Large characteristic lengths in 3D chiral elastic metamaterials
T. Frenzel, V. Hahn, P. Ziemke, J.L.G. Schneider, Y. Chen, P. Kiefer, P. Gumbsch, and M. Wegener
Commun Mater. 2, 4 (2021)
- Date: 4.01.2021
Three-dimensional (3D) chiral mechanical metamaterials enable behaviors not accessible in ordinary materials. In particular, a coupling between displacements and rotations can occur, which is symmetry-forbidden without chirality. In this work, we solve three open challenges of chiral metamaterials. First, we provide a simple analytical model, which we use to rationalize the design of the chiral characteristic length.
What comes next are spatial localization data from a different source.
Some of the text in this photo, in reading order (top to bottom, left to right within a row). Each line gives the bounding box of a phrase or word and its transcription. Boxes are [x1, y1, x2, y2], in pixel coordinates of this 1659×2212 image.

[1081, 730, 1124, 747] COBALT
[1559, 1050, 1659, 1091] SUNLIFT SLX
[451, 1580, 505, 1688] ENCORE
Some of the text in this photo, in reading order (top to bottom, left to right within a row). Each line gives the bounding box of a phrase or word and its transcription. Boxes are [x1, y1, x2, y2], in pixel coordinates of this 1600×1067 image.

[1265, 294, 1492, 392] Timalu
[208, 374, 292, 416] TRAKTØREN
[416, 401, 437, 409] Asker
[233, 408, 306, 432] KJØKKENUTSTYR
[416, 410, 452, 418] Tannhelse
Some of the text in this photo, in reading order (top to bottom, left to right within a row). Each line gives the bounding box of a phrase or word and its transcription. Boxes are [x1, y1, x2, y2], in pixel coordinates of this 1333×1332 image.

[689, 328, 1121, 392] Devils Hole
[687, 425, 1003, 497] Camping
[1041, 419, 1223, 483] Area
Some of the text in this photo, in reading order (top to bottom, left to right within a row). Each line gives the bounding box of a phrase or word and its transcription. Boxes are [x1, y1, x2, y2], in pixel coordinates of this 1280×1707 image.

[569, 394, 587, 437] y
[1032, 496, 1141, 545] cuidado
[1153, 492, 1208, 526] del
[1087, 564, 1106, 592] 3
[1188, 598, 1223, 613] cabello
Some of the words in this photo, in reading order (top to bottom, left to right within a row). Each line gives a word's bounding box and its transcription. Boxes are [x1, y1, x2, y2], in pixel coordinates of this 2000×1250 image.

Second, using rapid multi-photon multi-focus 3D laser microprinting, we manufacture samples with more than 105 micrometer-sized 3D chiral unit cells. This number surpasses previous work by more than two orders of magnitude. Third, using analytical and numerical modeling, we realize chiral characteristic lengths of the order of ten unit cells, changing the sample-size dependence qualitatively and quantitatively. In the small-sample limit, the twist per axial strain is initially proportional to the sample side length, reaching a maximum at the characteristic length. In the thermodynamic limit, the twist per axial strain is proportional to the square of the characteristic length. We show that chiral micropolar continuum elasticity can reproduce this behavior.